[Start of Attachment]

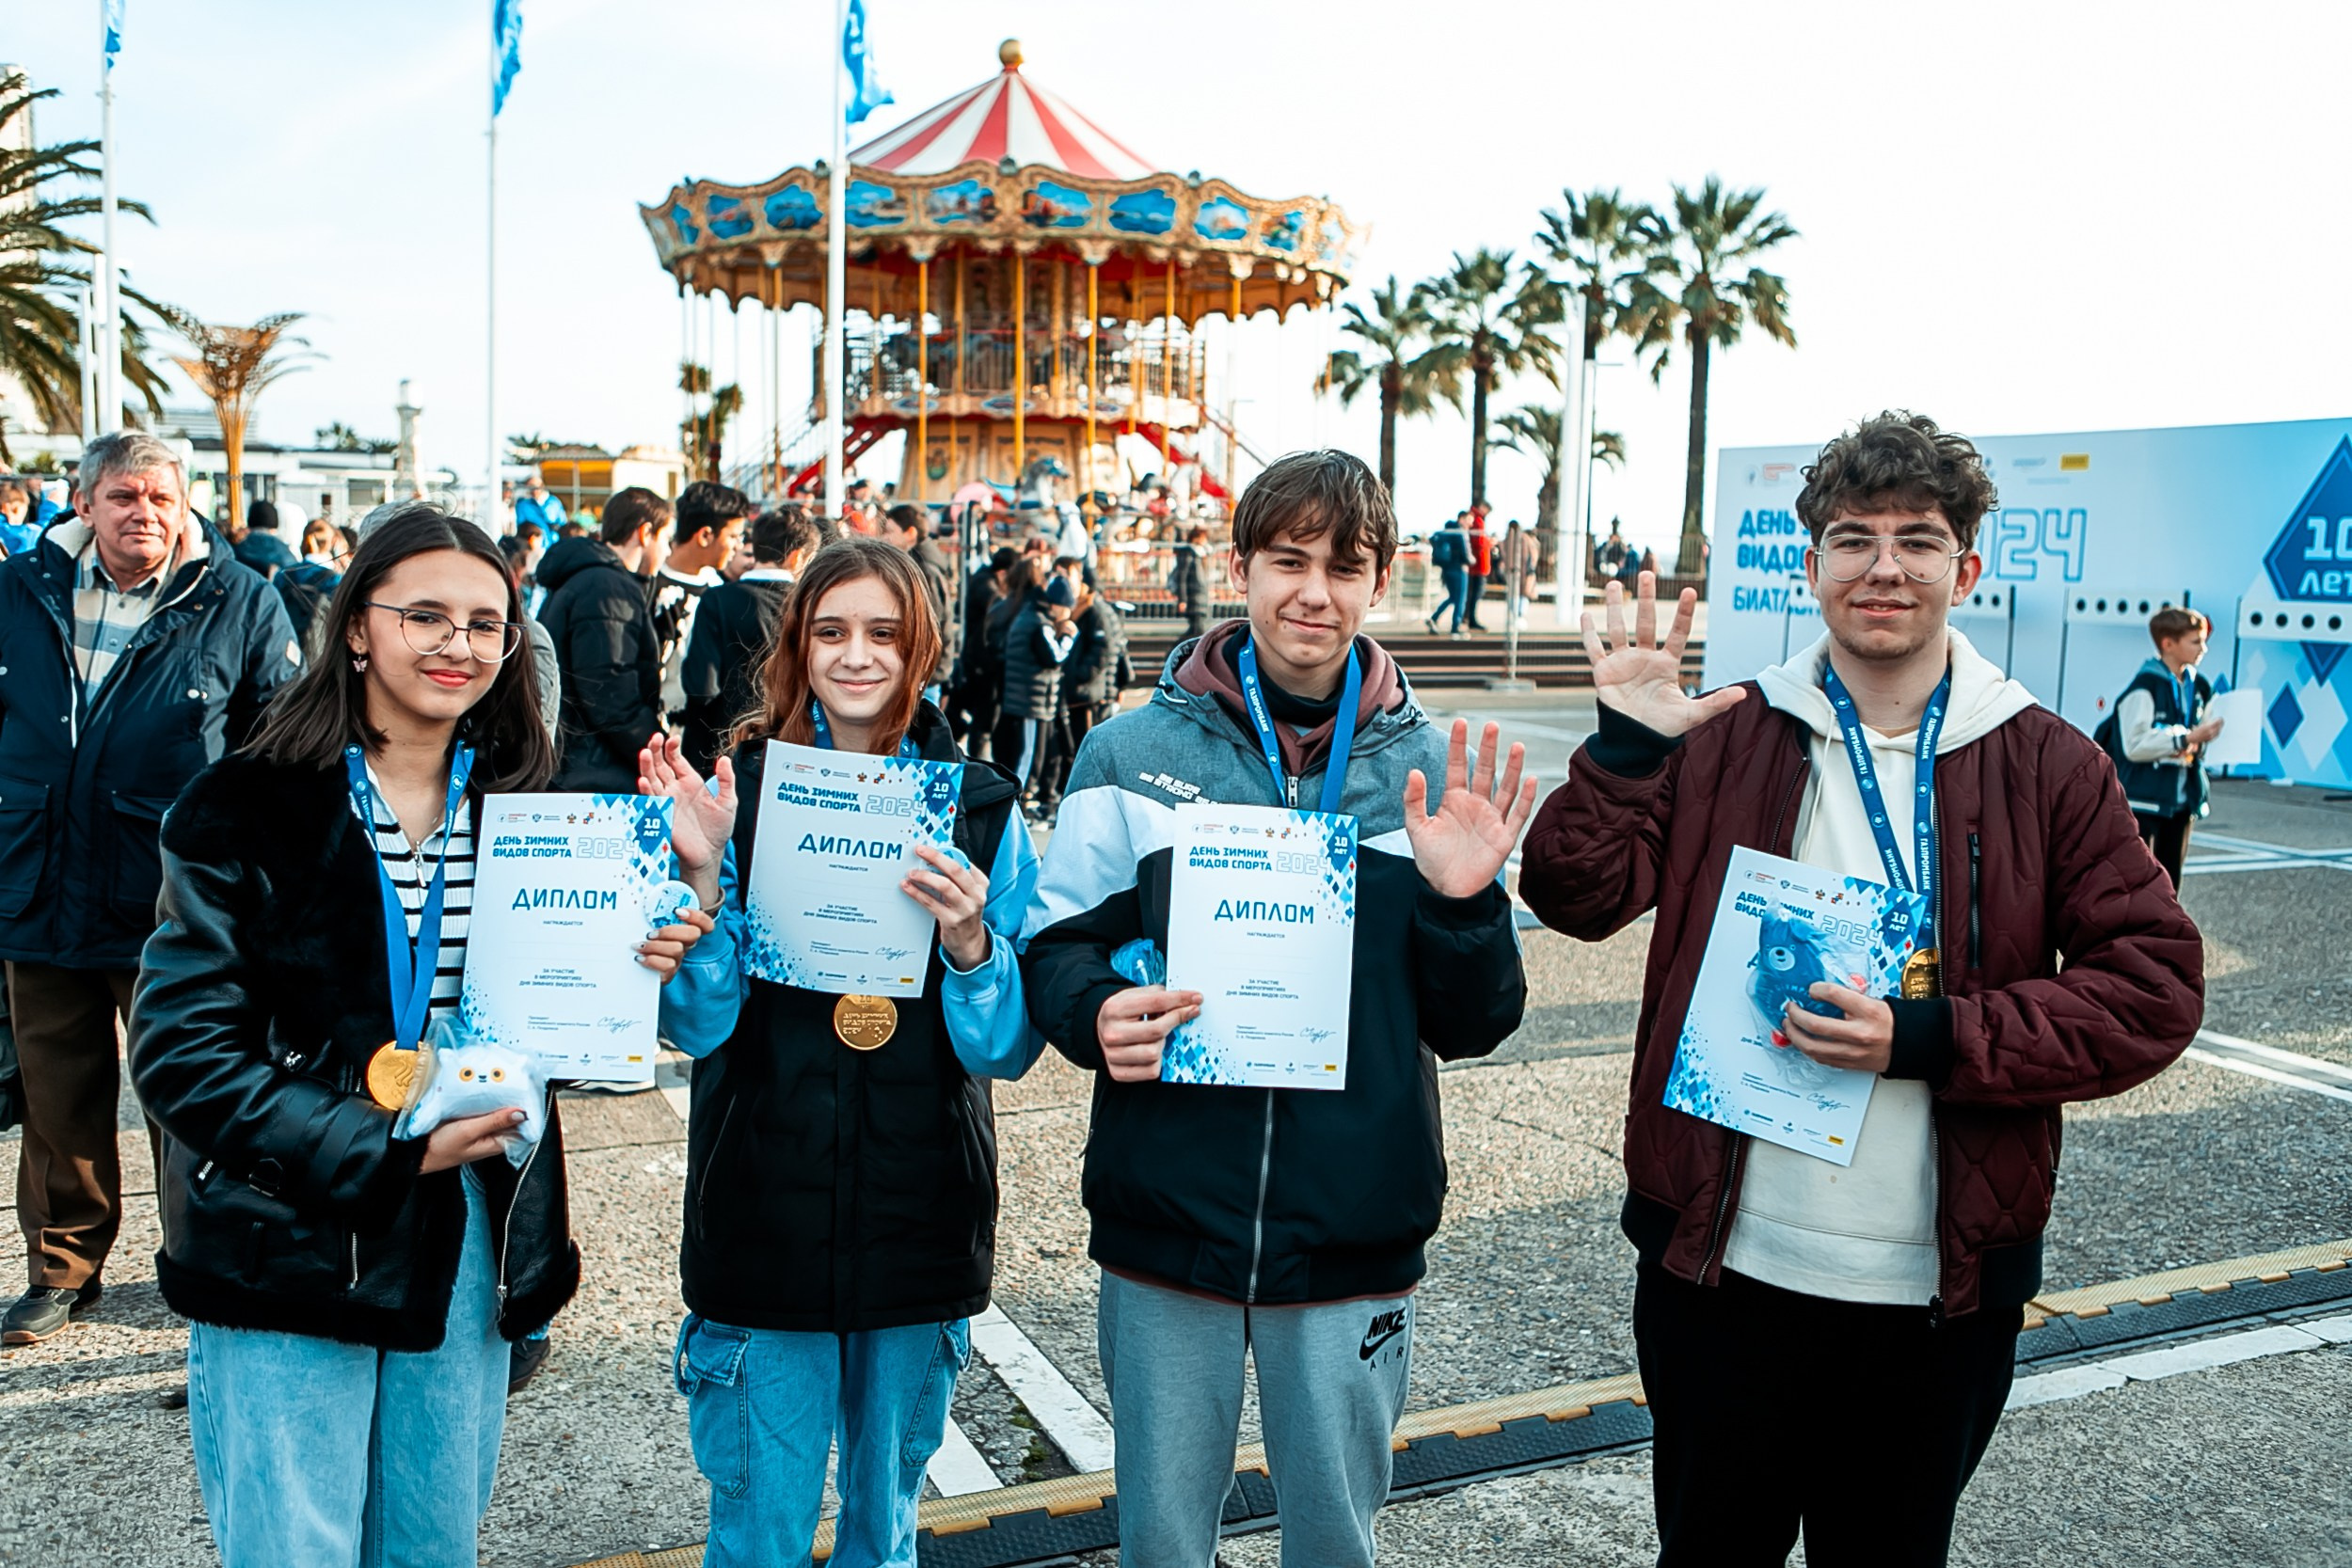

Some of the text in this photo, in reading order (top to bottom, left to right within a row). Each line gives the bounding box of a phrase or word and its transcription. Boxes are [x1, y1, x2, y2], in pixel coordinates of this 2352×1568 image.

[1738, 509, 1796, 539] ДЕНЬ
[1848, 727, 1868, 774] ГАЗПРОМБАНК
[778, 782, 859, 801] ДЕНЬ ЗИМНИХ
[932, 782, 949, 793] 10
[777, 791, 861, 813] ВИДОВ СПОРТА
[866, 795, 928, 817] 2024
[644, 817, 660, 829] 10
[492, 847, 572, 858] ВИДОВ СПОРТА
[494, 836, 569, 847] ДЕНЬ ЗИМНИХ
[577, 837, 640, 860] 2024
[798, 833, 903, 861] ДИПЛОМ
[1189, 846, 1268, 859] ДЕНЬ ЗИМНИХ
[1334, 836, 1347, 847] 10
[829, 863, 868, 872] НАГРАЖДАЕТСЯ
[1189, 858, 1272, 871] ВИДОВ СПОРТА
[1276, 851, 1332, 876] 2024
[1920, 838, 1931, 890] ГАЗПРОМБАНК
[512, 889, 617, 911] ДИПЛОМ
[1734, 902, 1766, 918] ВИДО
[1736, 891, 1815, 920] ДЕНЬ МНИХ
[1215, 899, 1314, 925] ДИПЛОМ
[1891, 911, 1909, 925] 10
[1821, 914, 1884, 950] 2024
[1366, 1307, 1406, 1339] NIKE
[1370, 1346, 1404, 1372] AIR
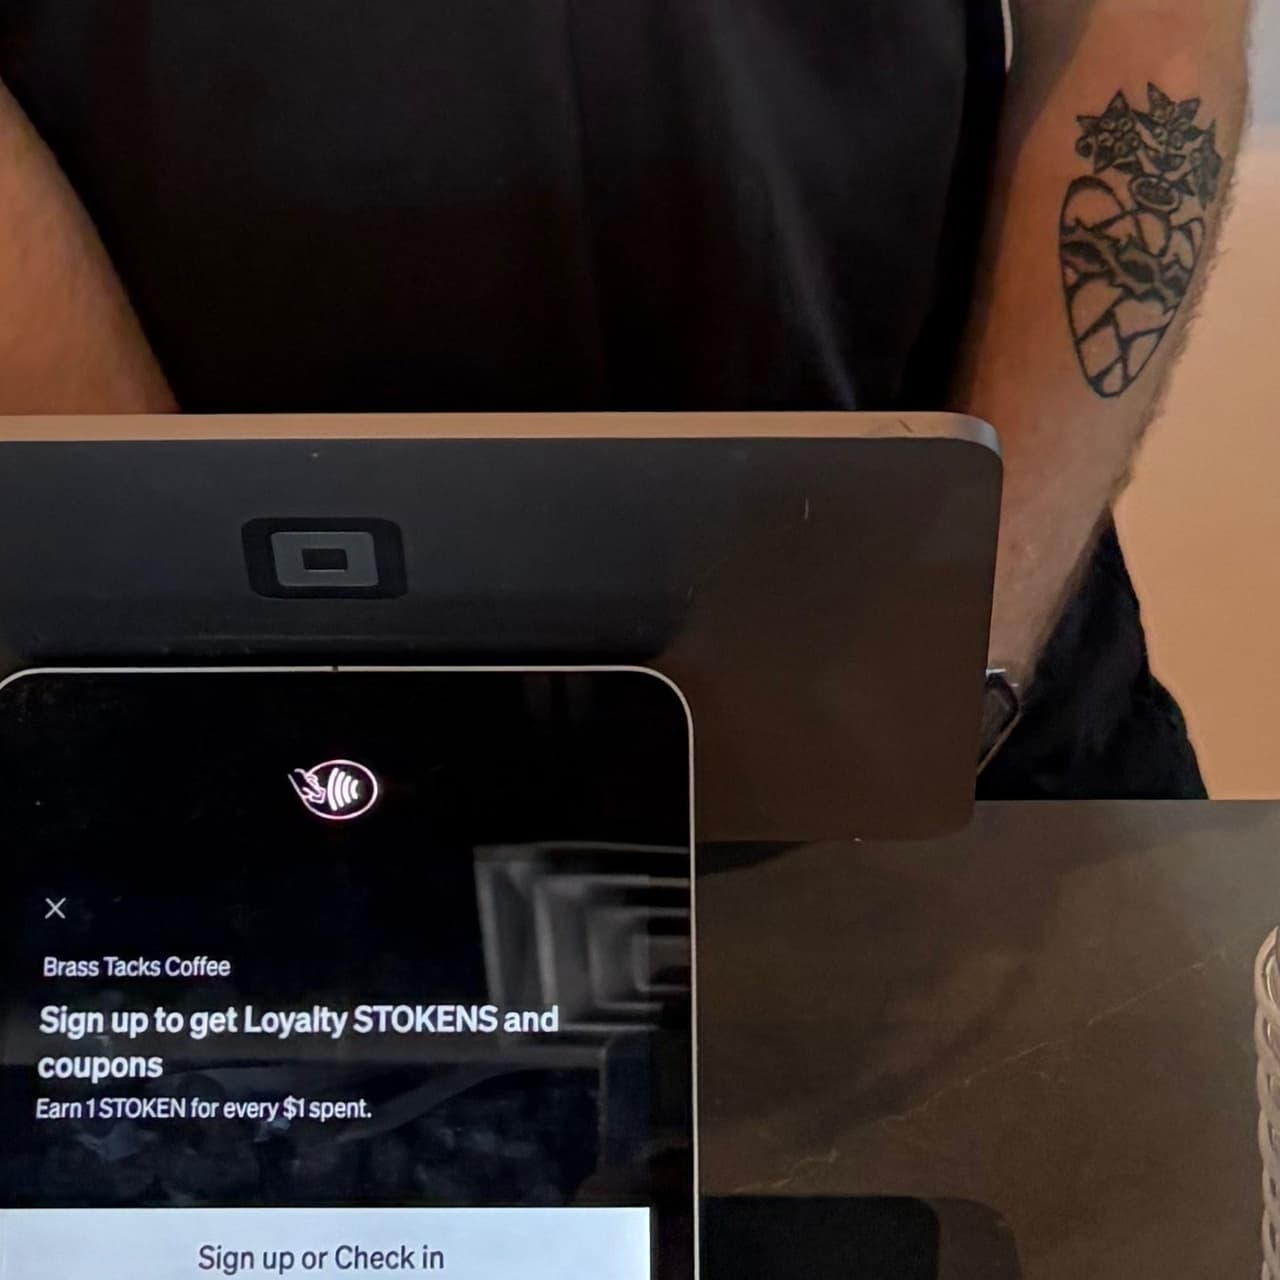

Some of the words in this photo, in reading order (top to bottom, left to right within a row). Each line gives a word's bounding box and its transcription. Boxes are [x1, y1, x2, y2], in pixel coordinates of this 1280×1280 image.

[44, 957, 99, 976] Brass
[103, 957, 161, 976] Tacks
[165, 956, 231, 976] Coffee
[40, 1006, 104, 1040] Sign
[112, 1012, 148, 1038] up
[154, 1007, 184, 1033] to
[190, 1007, 237, 1039] get
[245, 1006, 348, 1038] Loyalty
[354, 1005, 498, 1033] STOKENS
[504, 1005, 559, 1032] and
[38, 1057, 163, 1083] coupons
[36, 1098, 82, 1118] Earn
[86, 1098, 95, 1118] 1
[99, 1098, 186, 1118] STOKEN
[191, 1097, 219, 1118] for
[223, 1102, 279, 1123] every
[283, 1096, 304, 1120] $1
[309, 1099, 371, 1121] spent.
[199, 1245, 255, 1275] Sign
[263, 1251, 294, 1275] up
[302, 1251, 328, 1269] or
[335, 1245, 414, 1269] Check
[421, 1245, 444, 1269] in

[End of Attachment]

> _Problem statement_: Set down all entries above again, exactly, without images.

> _Answer_:
Some of the text in this photo, in reading order (top to bottom, left to right within a row). Each line gives the bounding box of a phrase or word and its transcription. Boxes are [x1, y1, x2, y2], in pixel coordinates of this 2352×1568 image.

[1738, 509, 1796, 539] ДЕНЬ
[1848, 727, 1868, 774] ГАЗПРОМБАНК
[778, 782, 859, 801] ДЕНЬ ЗИМНИХ
[932, 782, 949, 793] 10
[777, 791, 861, 813] ВИДОВ СПОРТА
[866, 795, 928, 817] 2024
[644, 817, 660, 829] 10
[492, 847, 572, 858] ВИДОВ СПОРТА
[494, 836, 569, 847] ДЕНЬ ЗИМНИХ
[577, 837, 640, 860] 2024
[798, 833, 903, 861] ДИПЛОМ
[1189, 846, 1268, 859] ДЕНЬ ЗИМНИХ
[1334, 836, 1347, 847] 10
[829, 863, 868, 872] НАГРАЖДАЕТСЯ
[1189, 858, 1272, 871] ВИДОВ СПОРТА
[1276, 851, 1332, 876] 2024
[1920, 838, 1931, 890] ГАЗПРОМБАНК
[512, 889, 617, 911] ДИПЛОМ
[1734, 902, 1766, 918] ВИДО
[1736, 891, 1815, 920] ДЕНЬ МНИХ
[1215, 899, 1314, 925] ДИПЛОМ
[1891, 911, 1909, 925] 10
[1821, 914, 1884, 950] 2024
[1366, 1307, 1406, 1339] NIKE
[1370, 1346, 1404, 1372] AIR

Some of the words in this photo, in reading order (top to bottom, left to right within a row). Each line gives a word's bounding box and its transcription. Boxes are [x1, y1, x2, y2], in pixel coordinates of this 1280×1280 image.

[44, 957, 99, 976] Brass
[103, 957, 161, 976] Tacks
[165, 956, 231, 976] Coffee
[40, 1006, 104, 1040] Sign
[112, 1012, 148, 1038] up
[154, 1007, 184, 1033] to
[190, 1007, 237, 1039] get
[245, 1006, 348, 1038] Loyalty
[354, 1005, 498, 1033] STOKENS
[504, 1005, 559, 1032] and
[38, 1057, 163, 1083] coupons
[36, 1098, 82, 1118] Earn
[86, 1098, 95, 1118] 1
[99, 1098, 186, 1118] STOKEN
[191, 1097, 219, 1118] for
[223, 1102, 279, 1123] every
[283, 1096, 304, 1120] $1
[309, 1099, 371, 1121] spent.
[199, 1245, 255, 1275] Sign
[263, 1251, 294, 1275] up
[302, 1251, 328, 1269] or
[335, 1245, 414, 1269] Check
[421, 1245, 444, 1269] in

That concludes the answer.